Zomato is preparing for a future where even 30-minute food deliveries are just not fast enough.
The Gurugram firm’s 10-minute, hot restaurant food-delivery service, Zomato Instant, will be introduced in its home base next month.
While quick commerce has been gaining traction in groceries – Zomato itself backs Blinkit – “nobody in the world has so far delivered hot and fresh food in under 10 minutes at scale”, CEO Deepinder Goyal wrote in a blog post on March 22. “We were eager to be the first to create this category, globally.”
Zomato may be on to something, experts say. But is there enough demand for it?
“Unlike grocery, food as a category has a better chance to succeed in the 10-minute delivery format,” according to Yugal Joshi, a partner at consultancy Everest Group. “People may not want to plan for food the way they can for grocery.

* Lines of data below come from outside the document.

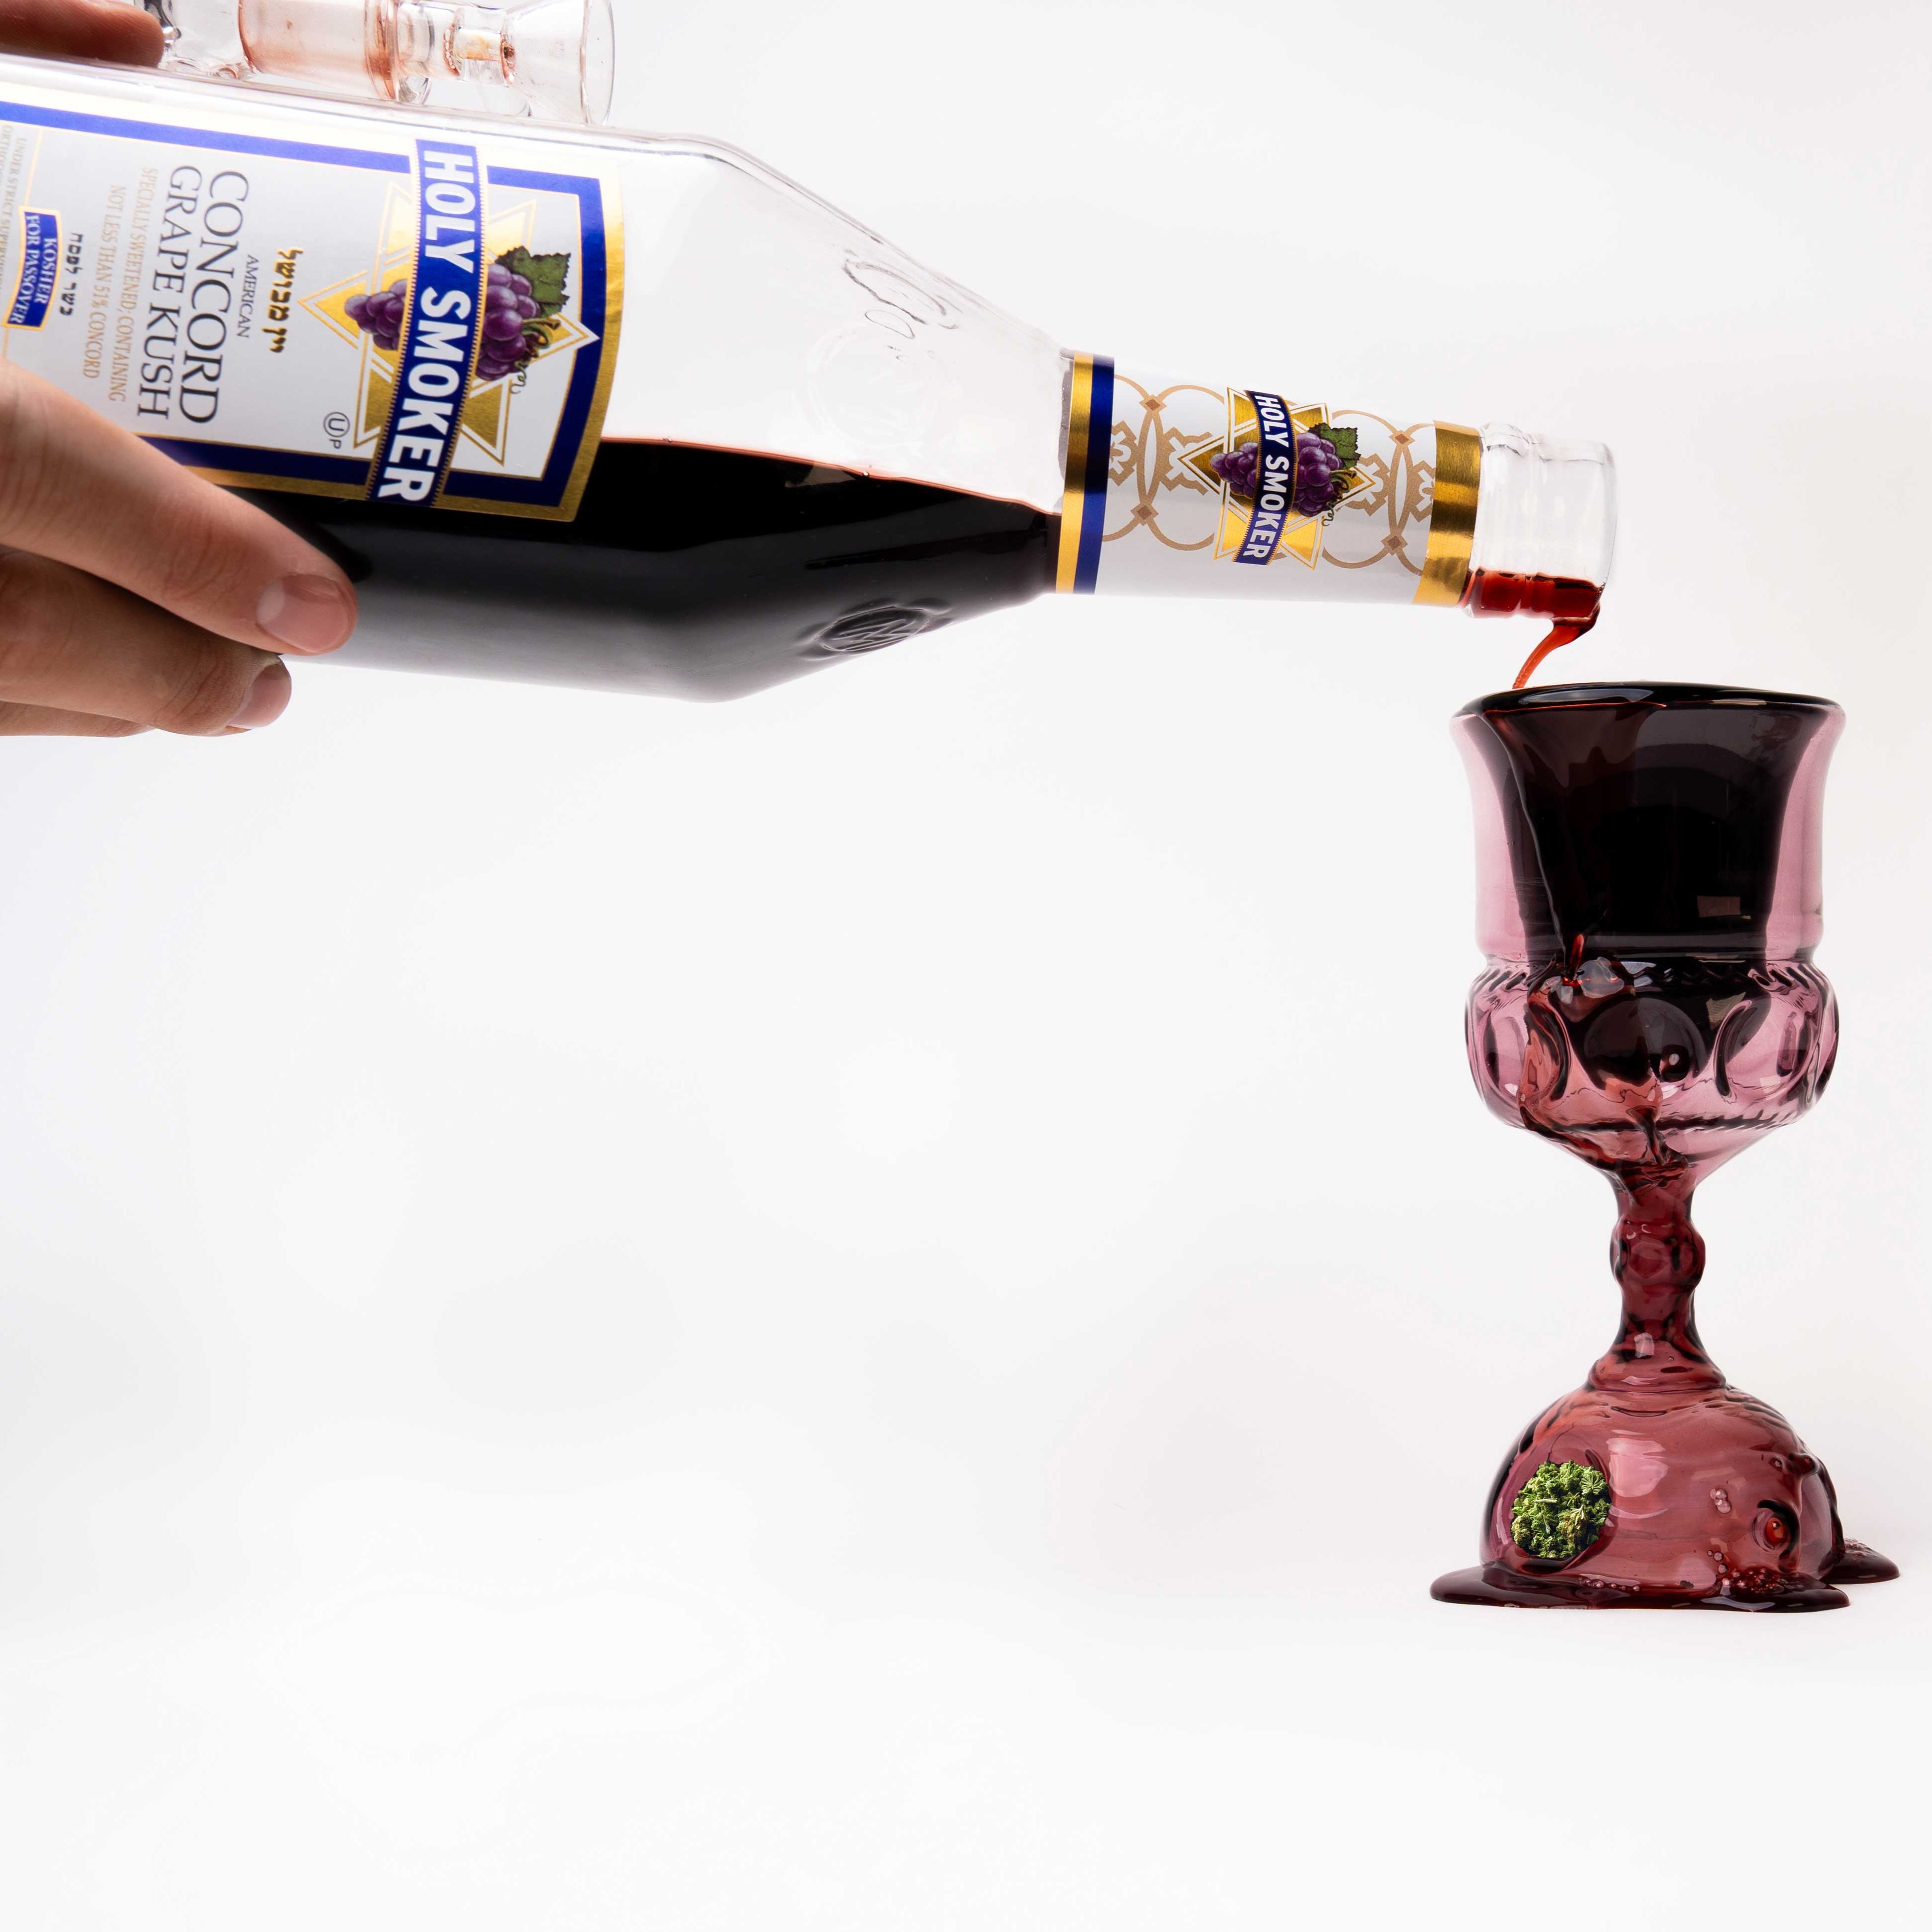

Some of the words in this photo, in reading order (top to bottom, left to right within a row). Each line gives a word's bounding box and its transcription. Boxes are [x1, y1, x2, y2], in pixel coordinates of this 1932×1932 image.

[26, 215, 40, 246] FOR
[101, 214, 122, 243] LESS
[107, 184, 126, 212] NOT
[133, 167, 159, 232] SPECIALLY
[153, 165, 202, 294] GRAPE
[424, 150, 476, 274] HOLY
[10, 249, 40, 323] PASSOVER
[33, 238, 57, 304] KOSHER
[91, 285, 111, 308] 51%
[95, 246, 116, 283] THAN
[179, 171, 249, 423] CONCORD
[237, 254, 260, 338] AMERICAN
[83, 312, 107, 378] CONCORD
[108, 316, 135, 402] CONTAINING
[137, 303, 181, 420] KUSH
[377, 287, 472, 501] SMOKER
[1255, 395, 1289, 448] HOLY
[1243, 454, 1289, 559] SMOKER

They may want to order things on the fly. Still, these are edge cases.”
Zomato’s plan
The food delivery and restaurant aggregator plans to scatter “finishing stations” with 20-30 bestseller items from various restaurants based on demand predictability and hyperlocal preferences. With this format, it will bring down prices for customers by 50% while maintaining margins and incomes for restaurant and delivery partners.
Last year, pizza chain Domino’s reduced its delivery window on most orders from 30 minutes to 20 minutes by opening more stores and investing in prediction models that let kitchens start on your order before you even make the payment.

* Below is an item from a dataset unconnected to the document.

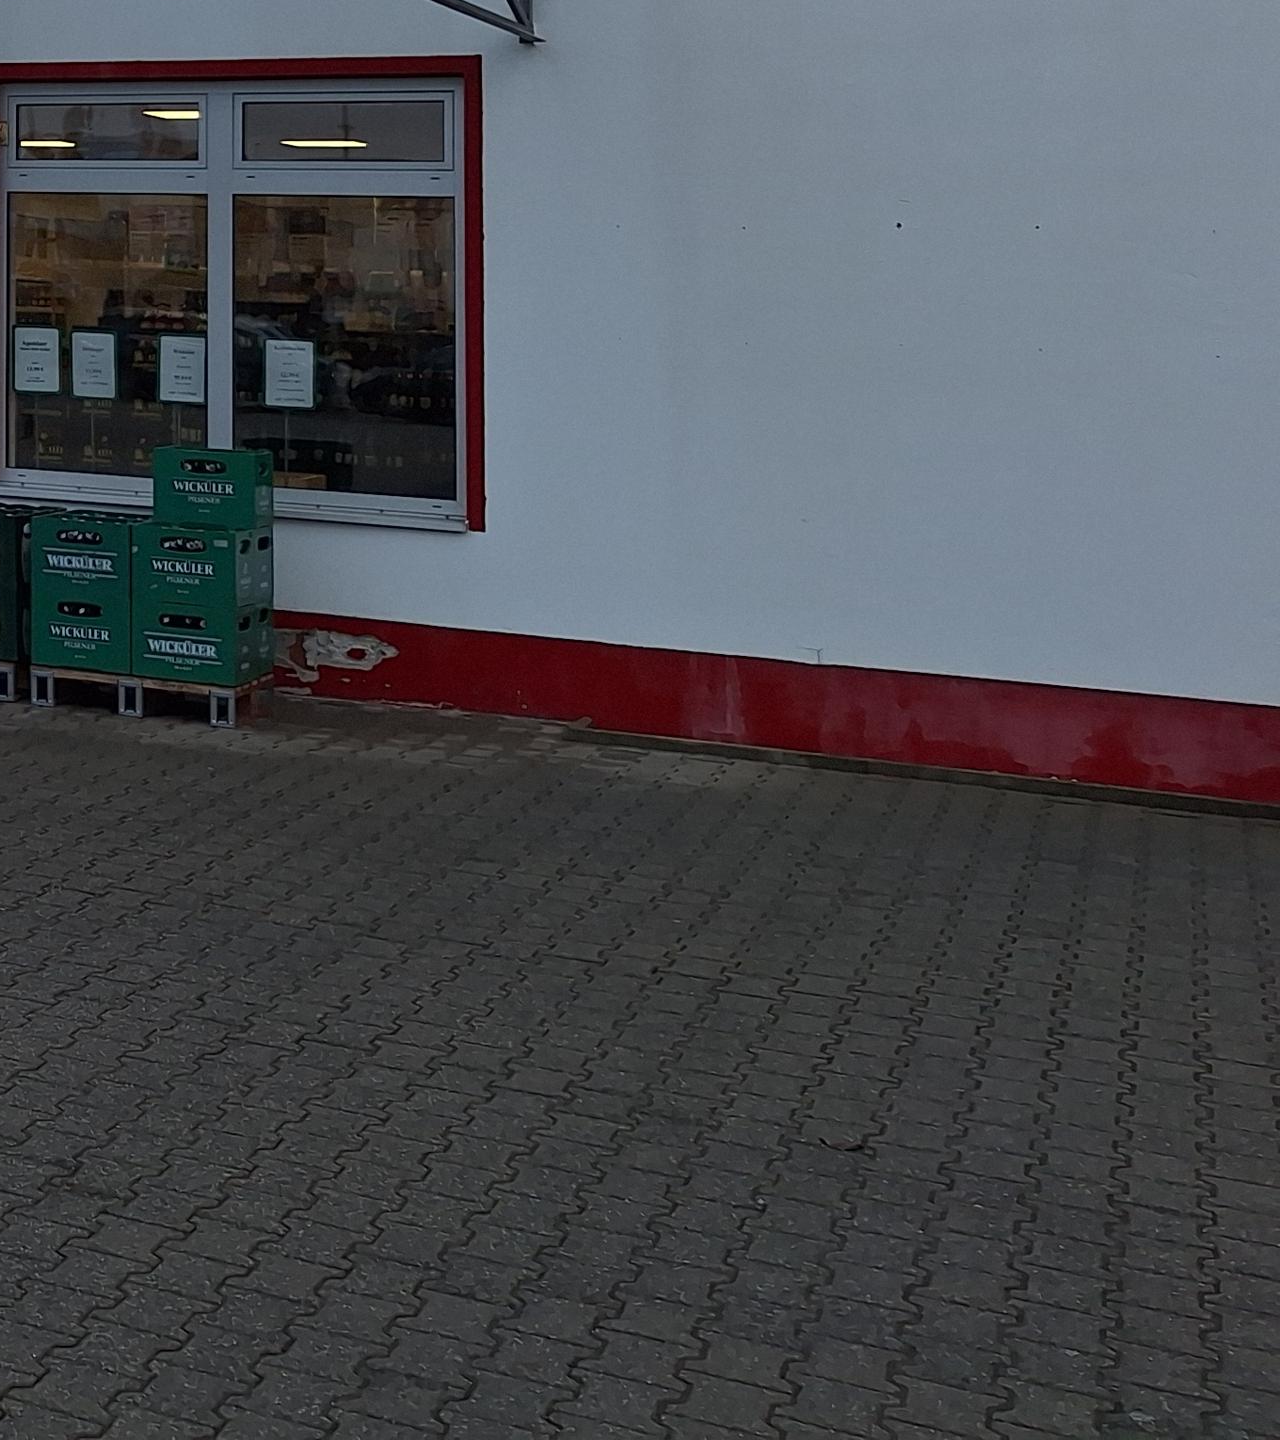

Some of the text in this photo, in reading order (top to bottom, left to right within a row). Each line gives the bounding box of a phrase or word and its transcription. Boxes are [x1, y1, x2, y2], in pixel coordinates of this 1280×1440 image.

[173, 480, 234, 495] WICKÜLER
[47, 553, 113, 572] WICKÜLER
[152, 559, 214, 575] WICKÜLER
[147, 638, 218, 658] WICKÜLER

Moreover, Zomato can “ensure highest grade ingredients and hygiene practices” across the supply chain. The challenge for Zomato is that “its core value proposition has a shelf life and is replicable. Therefore, it has to keep adding these newer offerings”, said Joshi.

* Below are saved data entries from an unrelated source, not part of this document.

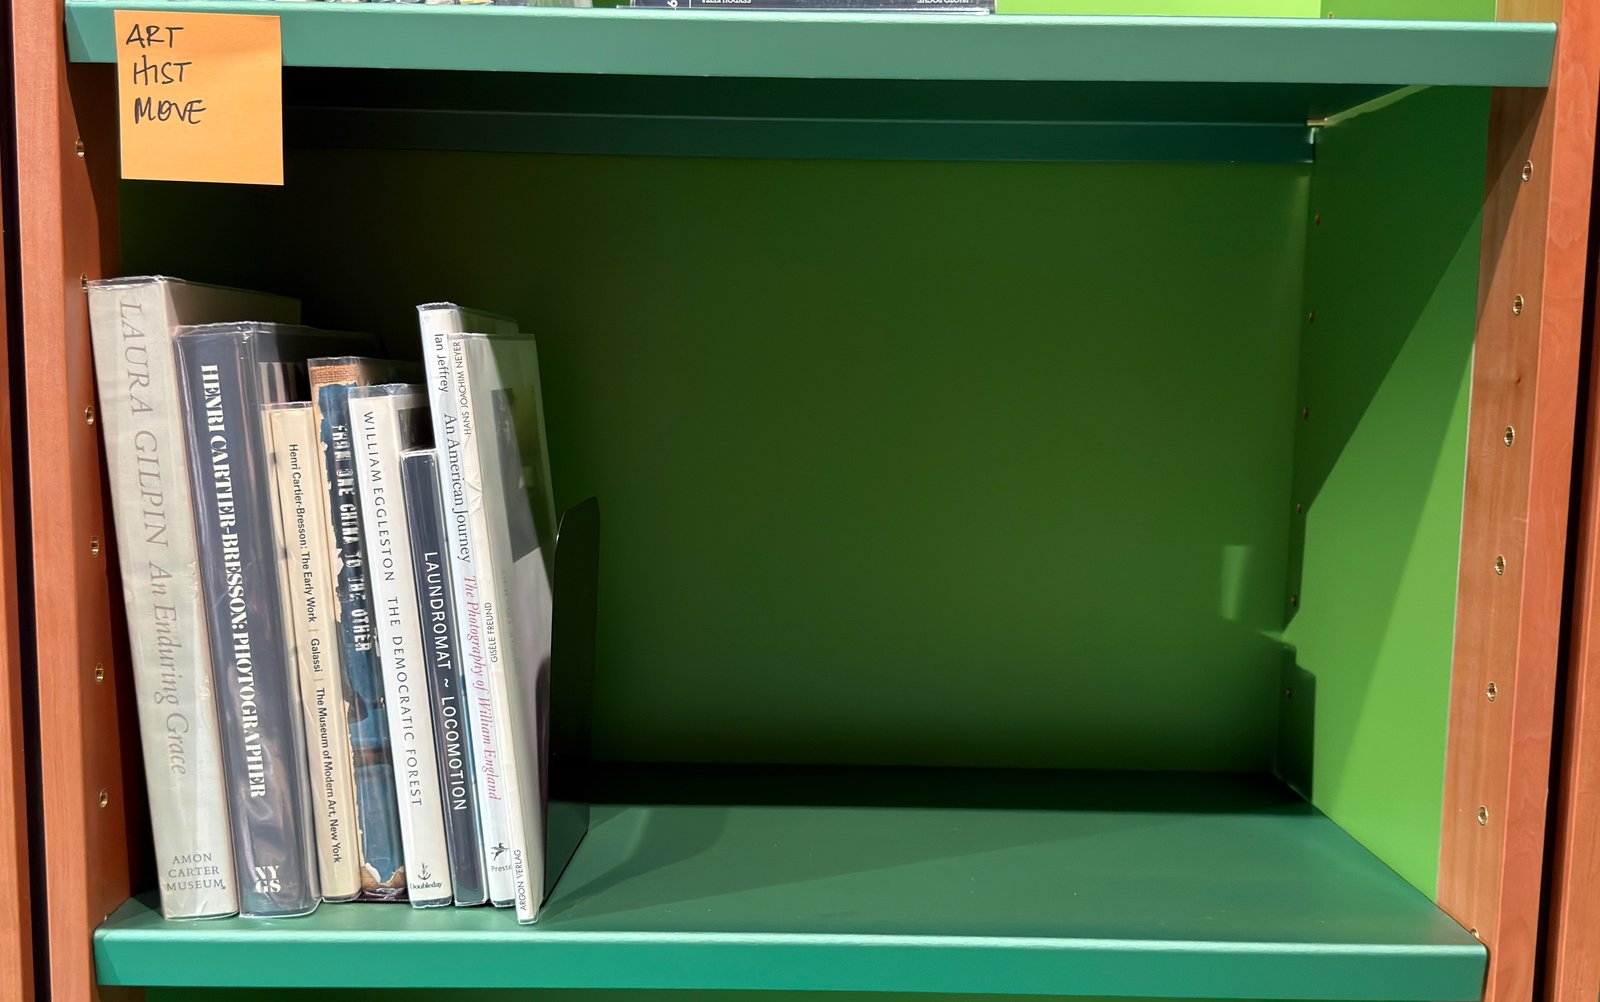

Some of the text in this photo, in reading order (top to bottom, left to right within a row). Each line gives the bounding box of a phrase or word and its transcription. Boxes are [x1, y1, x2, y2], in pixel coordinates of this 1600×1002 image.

[126, 24, 184, 48] ART
[133, 55, 192, 86] HIST
[134, 97, 206, 125] MOVE
[434, 333, 450, 393] Ian Jeffrey
[453, 341, 471, 435] HANS JOACHIM NEYER
[119, 299, 169, 548] LAURA GILPIN
[364, 411, 396, 581] WILLIAM EGGLESTON
[444, 413, 471, 563] An American Journey
[289, 444, 318, 623] Henri Cartier-Bresson: The Early Work
[340, 503, 360, 545] CHINA
[201, 364, 266, 798] HENRI CARTIER-BRESSON: PHOTOGRAPHER
[344, 551, 363, 568] TO
[348, 575, 367, 602] THE
[351, 608, 372, 651] OTHER
[485, 602, 495, 635] FREUND
[149, 560, 190, 776] An Enduring Grace
[310, 638, 323, 672] Galassi
[387, 597, 423, 806] THE DEMOCRATIC FOREST
[424, 551, 452, 669] LAUNDROMAT
[441, 696, 468, 811] LOCOMOTION
[464, 575, 502, 801] The Photography of William England
[316, 687, 342, 863] The Museum of Modern Art, New York
[168, 866, 220, 879] CARTER
[172, 853, 212, 865] AMON
[255, 865, 281, 880] NY
[513, 849, 527, 911] ARGON VERLAG
[255, 879, 281, 893] GS
[410, 881, 443, 891] Doubleday

But there are one too many moving parts – Zomato’s own kitchen, restaurant partner, delivery partner, and its algorithms – that could make the experiment a black hole for the loss-making firm. The way to succeed “will be to fail fast. They have to be courageous enough later to shut down a service if it does not work”.
Effect on workers
Zomato asserts there is no pressure or penalty on delivery partners to meet deadlines.
“If the high order density areas are identified well and there are dark stores to fulfil nearby, the delivery time can be actually just five minutes,” Mayank Sahni, product operations manager at fintech firm Finbox, tweeted. “Five is for packing and delivery folks can be stationed at stores instead of being forced to go from one part of the city to another.”
But even if Zomato manages to get this right, critics are not sold on the shift towards faster deliveries. They still fear gig workers will be exploited. On top of insufficient pay and long working hours, they’re “devoid of basic employee rights – health insurance, Employees’ Provident Fund, basic salary,” Kushal Vala, a machine learning research scientist, wrote on LinkedIn.
“The bigger problem of the capitalist ecosystem is the companies trying to outdo each other, with complete disregard for their ground workers,” Vala said. “Zomato being a listed company, adopting this heinous model could have repercussions. I will not be surprised if in future, Nykaa, Amazon, Myntra do the same thing to catch up with the rest of the pack.”
However, these problems exist whether or not deliveries happen hyper-locally, argues Sahni.
“The delivery speed should not frame our arguments for or against worker right…It should be a more nuanced understanding of technology, fleet management, order management and benefits, and policies for the partners.”
This article first appeared on Quartz.